In your reply, print every line of the listing exactly and omit all images.

------------------------------

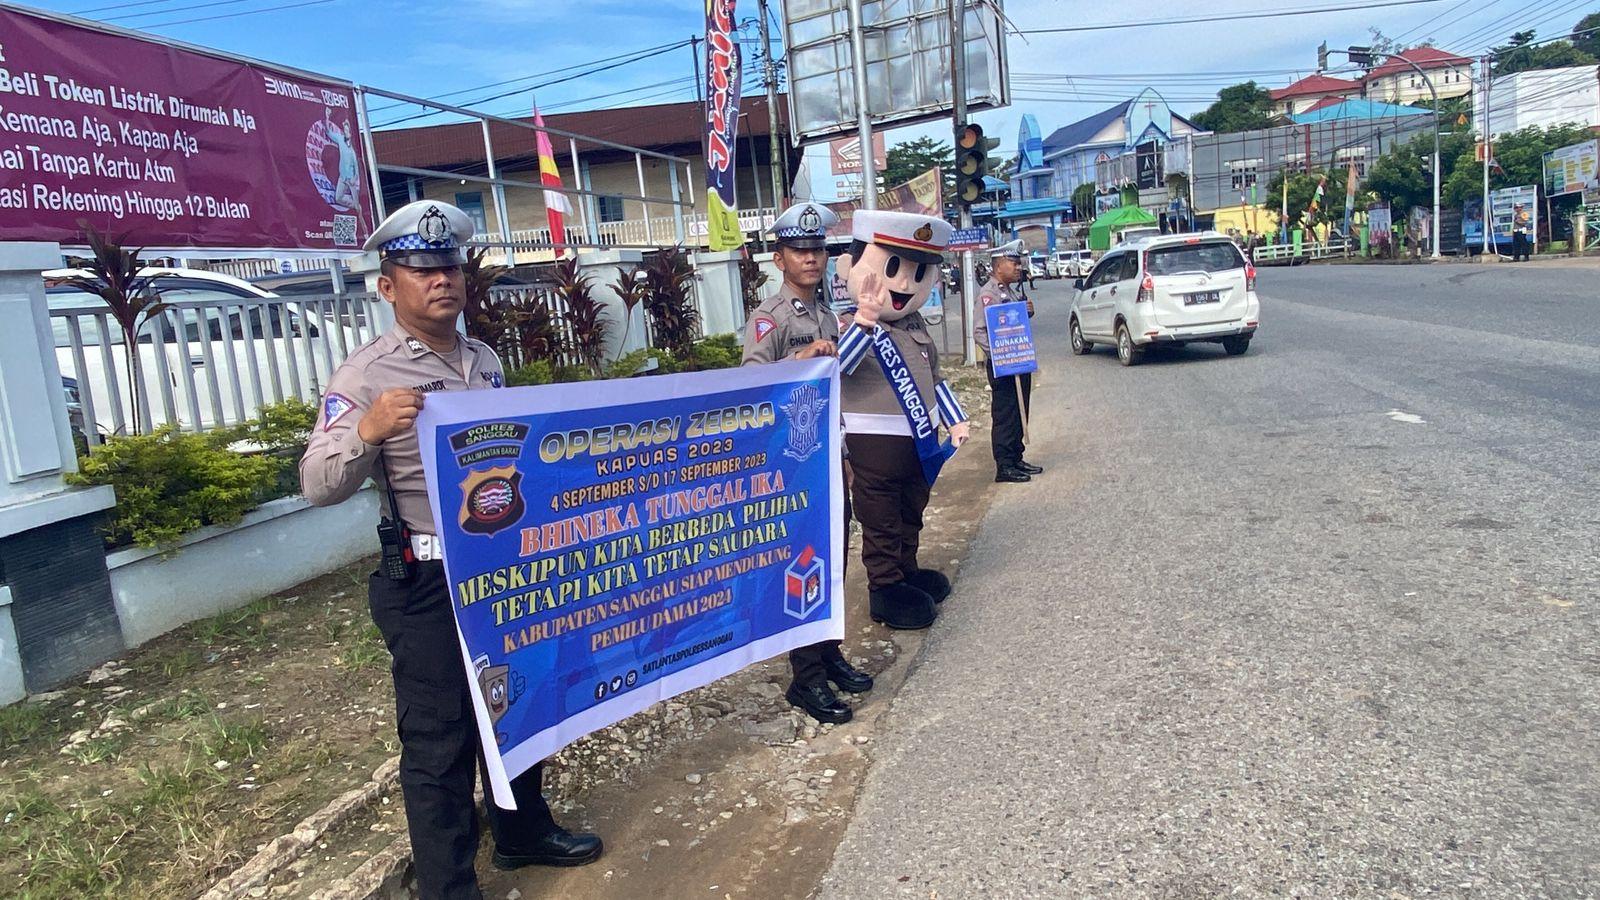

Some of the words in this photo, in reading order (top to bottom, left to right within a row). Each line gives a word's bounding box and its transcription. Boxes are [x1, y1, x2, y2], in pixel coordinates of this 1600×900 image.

[0, 68, 40, 96] Beli
[43, 75, 106, 106] Token
[110, 86, 166, 116] Listrik
[169, 96, 229, 126] Dirumah
[233, 109, 256, 133] Aja
[26, 146, 90, 180] Tanpa
[93, 152, 140, 180] Kartu
[144, 159, 176, 183] Atm
[82, 115, 117, 147] Aja,
[119, 120, 170, 153] Kapan
[174, 129, 199, 158] Aja
[33, 184, 124, 218] Rekening
[125, 190, 184, 220] Hingga
[185, 195, 204, 217] 12
[205, 196, 250, 218] Bulan
[412, 380, 446, 393] UMARDI
[891, 367, 931, 439] SANGGAU
[461, 447, 500, 464] KALIMANTAN
[500, 446, 519, 456] BARAT
[465, 431, 518, 446] SANGGAU
[468, 423, 515, 438] POLRES
[539, 416, 681, 463] OPERASI
[686, 401, 775, 438] ZEBRA
[596, 447, 678, 476] KAPUAS
[688, 438, 733, 458] 2023
[551, 495, 559, 511] 4
[562, 478, 635, 509] SEPTEMBER
[639, 473, 659, 492] S/D
[663, 470, 676, 486] 17
[681, 457, 741, 482] SEPTEMBER
[744, 452, 766, 469] 2023
[519, 502, 640, 557] BHINEKA
[645, 478, 747, 524] TUNGGAL
[750, 469, 785, 498] IKA
[458, 548, 588, 608] MESKIPUN
[593, 534, 643, 567] KITA
[648, 510, 736, 550] BERBEDA
[743, 490, 809, 524] PILIHAN
[491, 578, 581, 626] TETAPI
[587, 562, 638, 597] KITA
[643, 542, 704, 579] TETAP
[708, 520, 787, 559] SAUDARA
[504, 602, 608, 653] KABUPATEN
[609, 579, 680, 617] SANGGAU
[681, 568, 713, 594] SIAP
[714, 545, 791, 580] MENDUKUNG
[591, 614, 651, 652] PEMILU
[652, 599, 699, 629] DAMAI
[700, 588, 732, 612] 2024
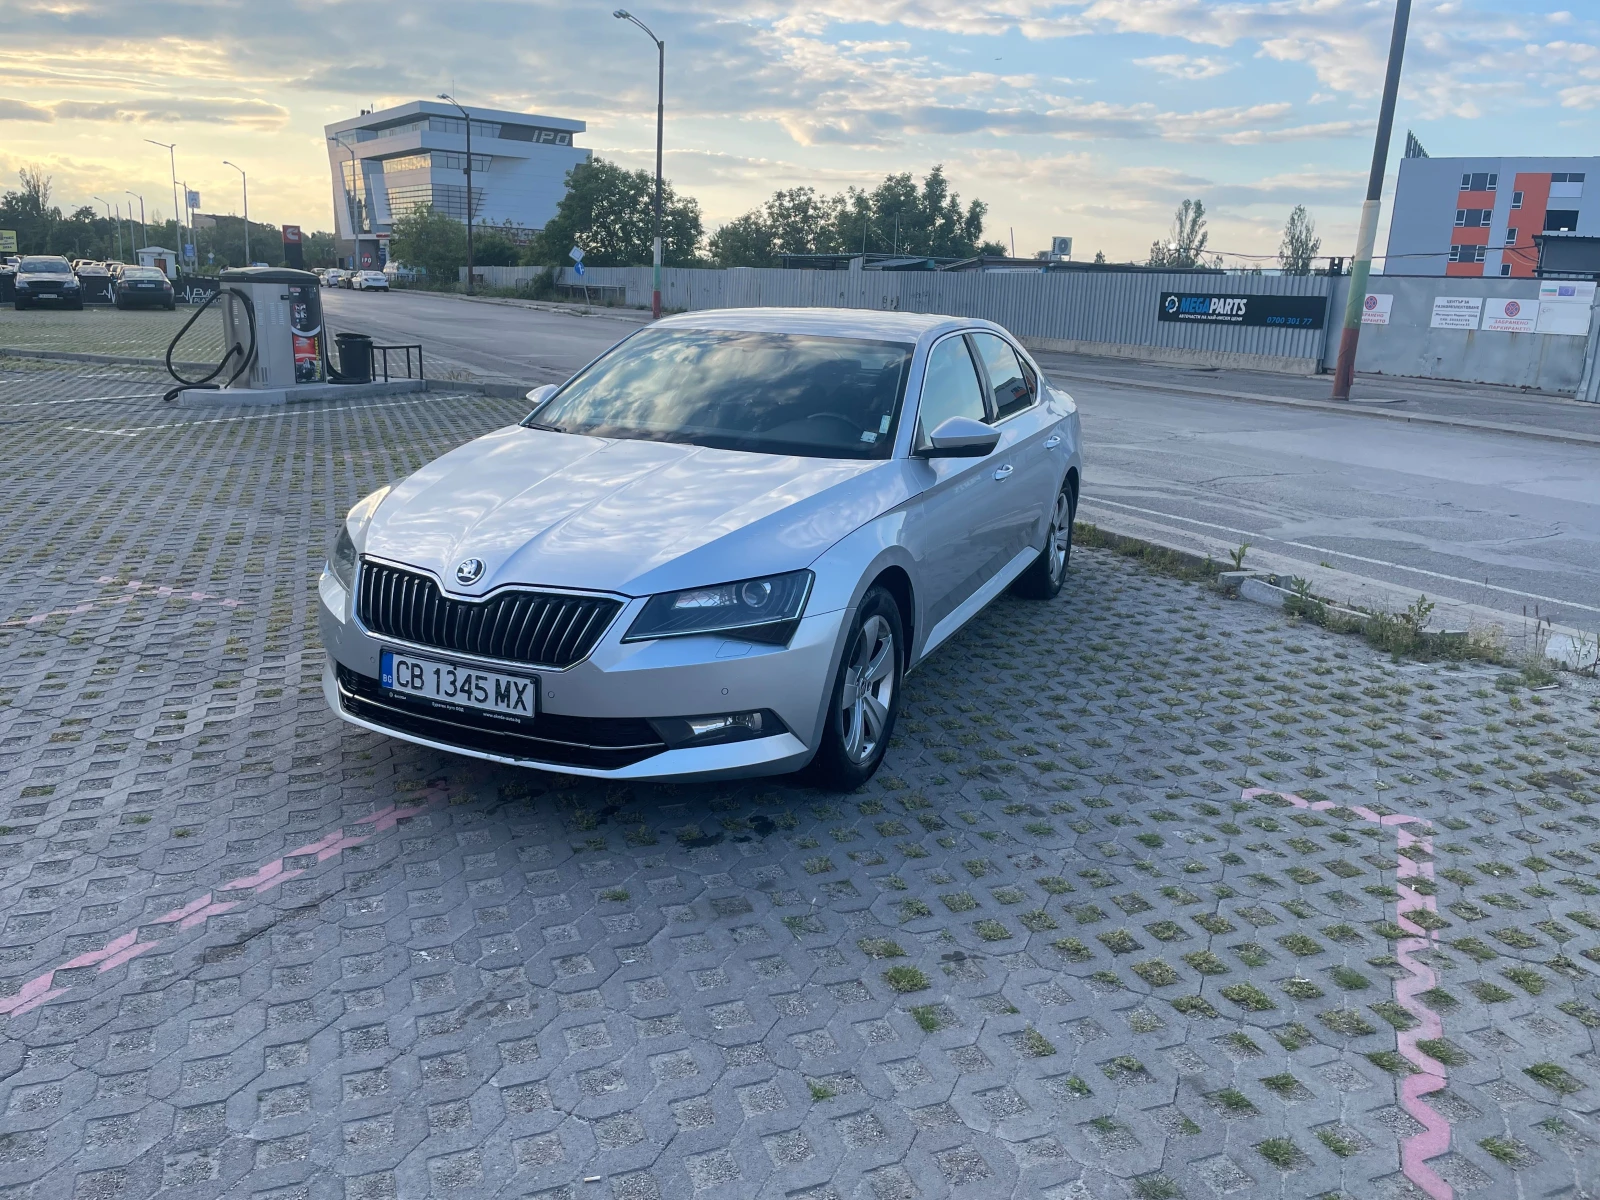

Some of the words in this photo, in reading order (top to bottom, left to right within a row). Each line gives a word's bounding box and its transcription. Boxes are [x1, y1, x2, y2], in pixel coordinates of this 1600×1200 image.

[531, 129, 571, 146] IPO
[1180, 297, 1247, 315] MEGAPARTS
[1266, 316, 1285, 324] 0700
[1286, 317, 1300, 325] 301
[382, 673, 393, 684] BG
[396, 660, 425, 691] CB
[433, 667, 489, 704] 1345
[494, 678, 529, 712] MX

------------------------------

▶ _Response_:
Some of the words in this photo, in reading order (top to bottom, left to right within a row). Each line gives a word's bounding box and its transcription. Boxes are [x1, y1, x2, y2], in pixel coordinates of this 1600×900 image.

[0, 68, 40, 96] Beli
[43, 75, 106, 106] Token
[110, 86, 166, 116] Listrik
[169, 96, 229, 126] Dirumah
[233, 109, 256, 133] Aja
[26, 146, 90, 180] Tanpa
[93, 152, 140, 180] Kartu
[144, 159, 176, 183] Atm
[82, 115, 117, 147] Aja,
[119, 120, 170, 153] Kapan
[174, 129, 199, 158] Aja
[33, 184, 124, 218] Rekening
[125, 190, 184, 220] Hingga
[185, 195, 204, 217] 12
[205, 196, 250, 218] Bulan
[412, 380, 446, 393] UMARDI
[891, 367, 931, 439] SANGGAU
[461, 447, 500, 464] KALIMANTAN
[500, 446, 519, 456] BARAT
[465, 431, 518, 446] SANGGAU
[468, 423, 515, 438] POLRES
[539, 416, 681, 463] OPERASI
[686, 401, 775, 438] ZEBRA
[596, 447, 678, 476] KAPUAS
[688, 438, 733, 458] 2023
[551, 495, 559, 511] 4
[562, 478, 635, 509] SEPTEMBER
[639, 473, 659, 492] S/D
[663, 470, 676, 486] 17
[681, 457, 741, 482] SEPTEMBER
[744, 452, 766, 469] 2023
[519, 502, 640, 557] BHINEKA
[645, 478, 747, 524] TUNGGAL
[750, 469, 785, 498] IKA
[458, 548, 588, 608] MESKIPUN
[593, 534, 643, 567] KITA
[648, 510, 736, 550] BERBEDA
[743, 490, 809, 524] PILIHAN
[491, 578, 581, 626] TETAPI
[587, 562, 638, 597] KITA
[643, 542, 704, 579] TETAP
[708, 520, 787, 559] SAUDARA
[504, 602, 608, 653] KABUPATEN
[609, 579, 680, 617] SANGGAU
[681, 568, 713, 594] SIAP
[714, 545, 791, 580] MENDUKUNG
[591, 614, 651, 652] PEMILU
[652, 599, 699, 629] DAMAI
[700, 588, 732, 612] 2024

Some of the words in this photo, in reading order (top to bottom, left to right within a row). Each line gives a word's bounding box and its transcription. Boxes are [x1, y1, x2, y2], in pixel coordinates of this 1600×1200 image.

[531, 129, 571, 146] IPO
[1180, 297, 1247, 315] MEGAPARTS
[1266, 316, 1285, 324] 0700
[1286, 317, 1300, 325] 301
[382, 673, 393, 684] BG
[396, 660, 425, 691] CB
[433, 667, 489, 704] 1345
[494, 678, 529, 712] MX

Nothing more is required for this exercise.